At a spawn statement, the threadpool implementation may choose to have the current thread execute the child task (continuation-stealing) or the continuation (child-stealing).

Scheduling is done eagerly, there is no abstract computation graph being built that is launched at a later point in time.

Awaiting a future [REQUIRED]

The operation to await a task-parallel future is called sync. This leaves await open for async libraries and framework. It is also the usual name used in multithreading framework, going back to Cilk (1995).

Awaiting a single future [REQUIRED]

Program execution can be suspended until a Flowvar is completed by calling sync on a Flowvar.

proc sync(fv: sink FlowVar[T]): T
  ## Global spawn

A Flowvar can only by synced once, hence the return value within the FlowVar[T] can be moved. Assuming the task completes this ensure exactly-once delivery for Flowvars.

A Flowvar MUST NOT be copied, only moved. This SHOULD be enforced by overloading =copy.

proc `=copy`(dst: var FlowVar[T], src: FlowVar[T]) {.error: "A FlowVar cannot be copied".}

If a Flowvar is created and awaited within the same procedure, the Flowvar MAY use heap allocation elision as an optimization to reduce heap allocation.

At a sync statement, the current thread SHOULD participate in running the executor tasks. The current thread MAY choose to only process tasks that the awaited Flowvar depends on to optimize latency.

Awaiting multiple futures [UNSPECIFIED]

Awaiting multiple futures ("await until any" or "await until all") is unspecified.

Structured parallelism [OPTIONAL]

Structured parallelism ensures that all tasks and their descendants created within a scope are completed before exiting that scope.
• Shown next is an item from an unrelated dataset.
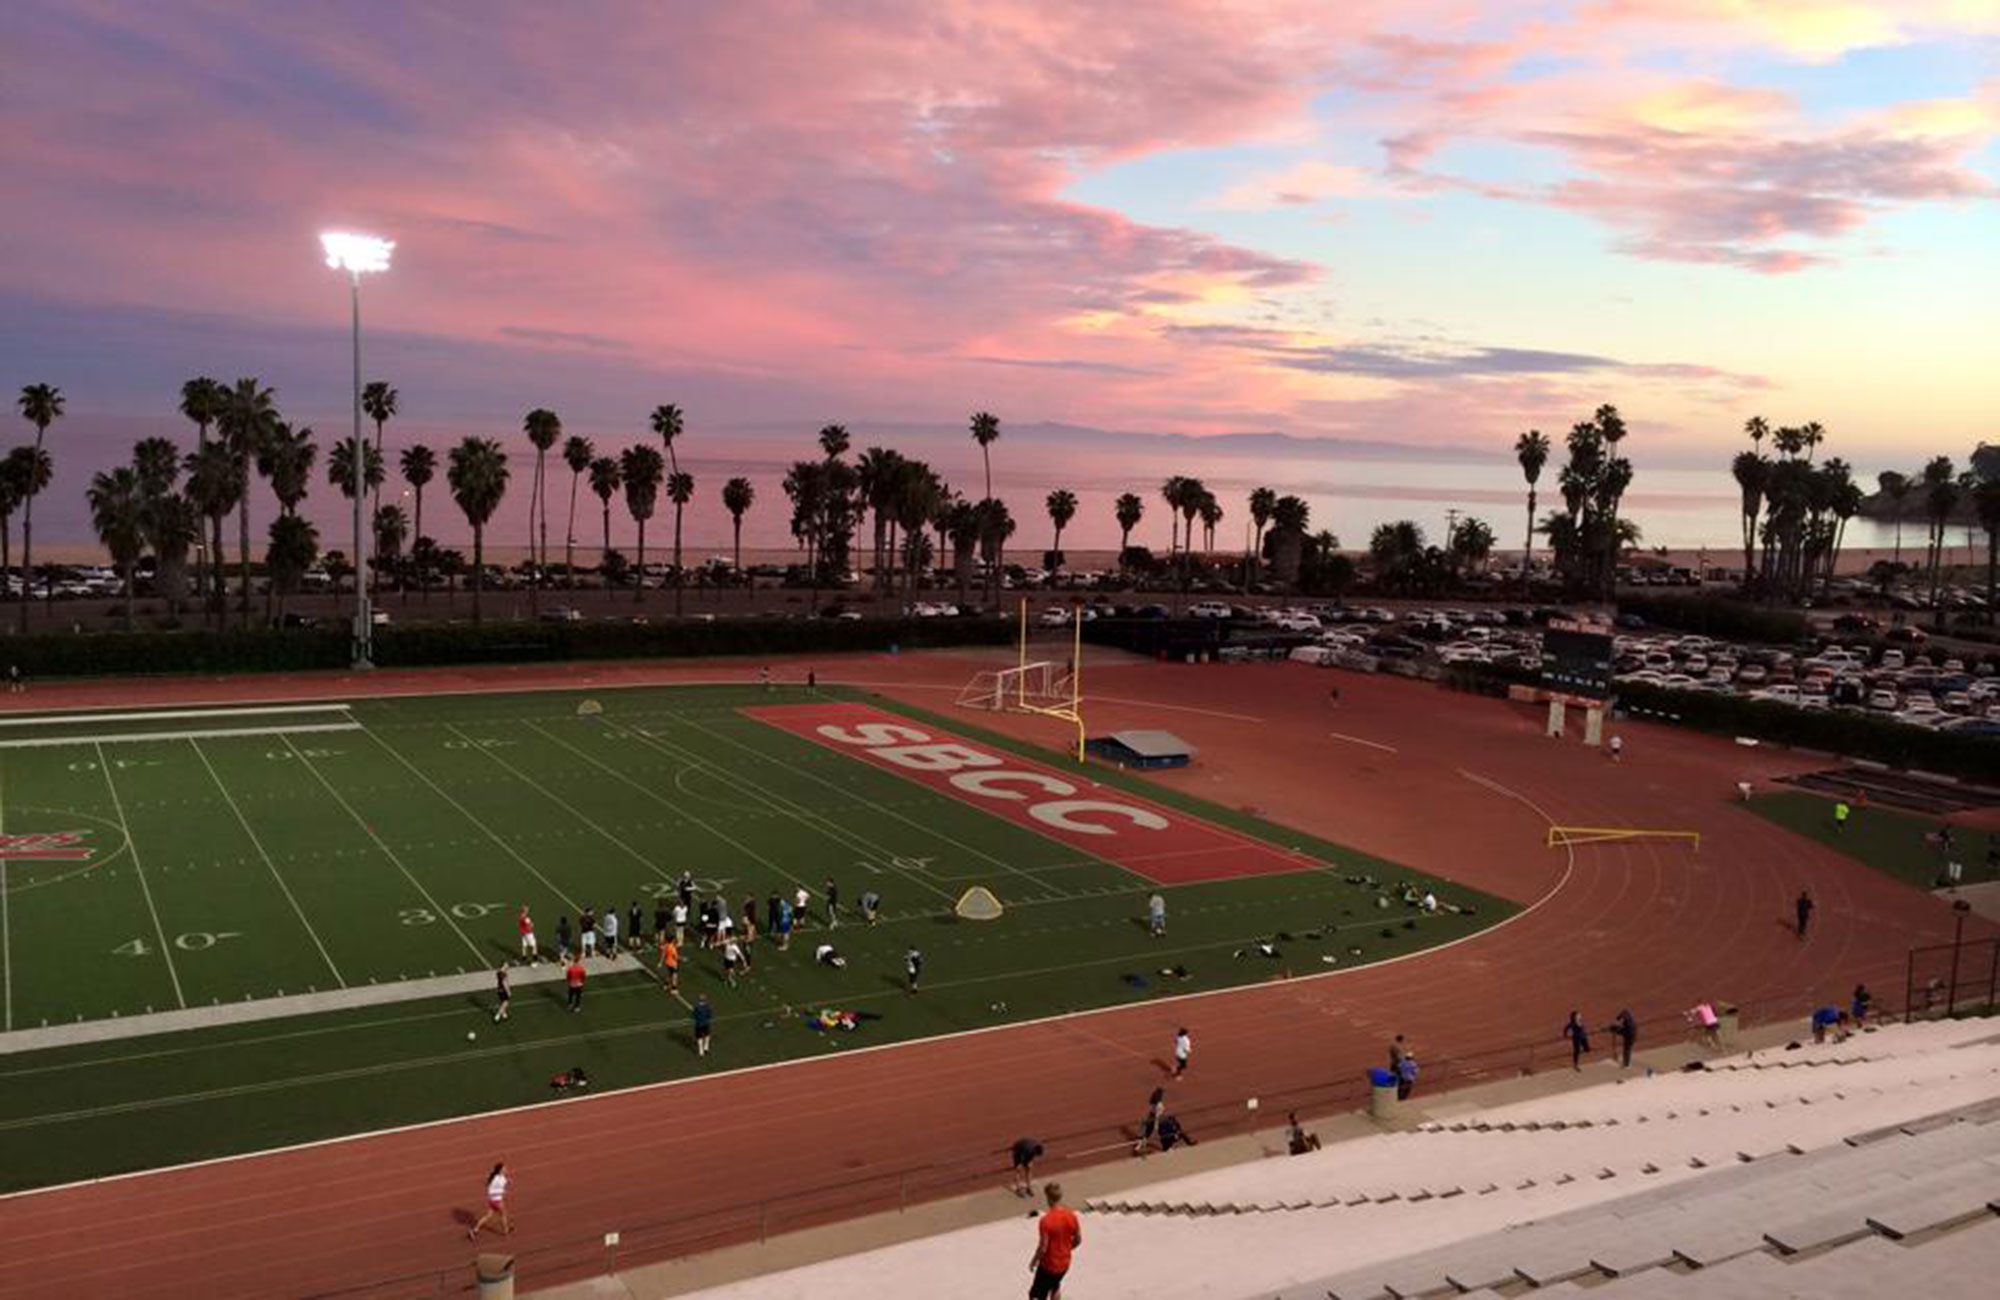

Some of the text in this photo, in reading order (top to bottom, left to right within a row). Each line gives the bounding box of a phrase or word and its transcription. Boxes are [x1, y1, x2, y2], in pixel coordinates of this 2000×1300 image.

template syncScope(ex: MyExecutor, scope: untyped): untyped
template syncScope(scope: untyped): untyped

References:

X10 Parallel Programming Language (2004), the Async-Finish construct
Habanero multithreading runtime for Java and Scala, the Async-Finish construct
Habanero C, the Async-Finish construct

More recently, concurrency frameworks also converged to similar "structured concurrency" (https://en.wikipedia.org/wiki/Structured_concurrency).

Check if a task was spawned [REQUIRED]

And user can call isSpawned() to check if a Flowvar is associated with a spawned task.

proc isSpawned(fv: Flowvar): bool

This allows users to build speculative algorithms that may or may not spawn tasks (unbalanced task tree), for example nqueens with backtracking.

Check if a result has been computed [REQUIRED]

An user can call isReady on a Flowvar to check if the result is present.

proc isReady(fv: Flowvar): bool

The Flowvar MUST be associated with a spawned task.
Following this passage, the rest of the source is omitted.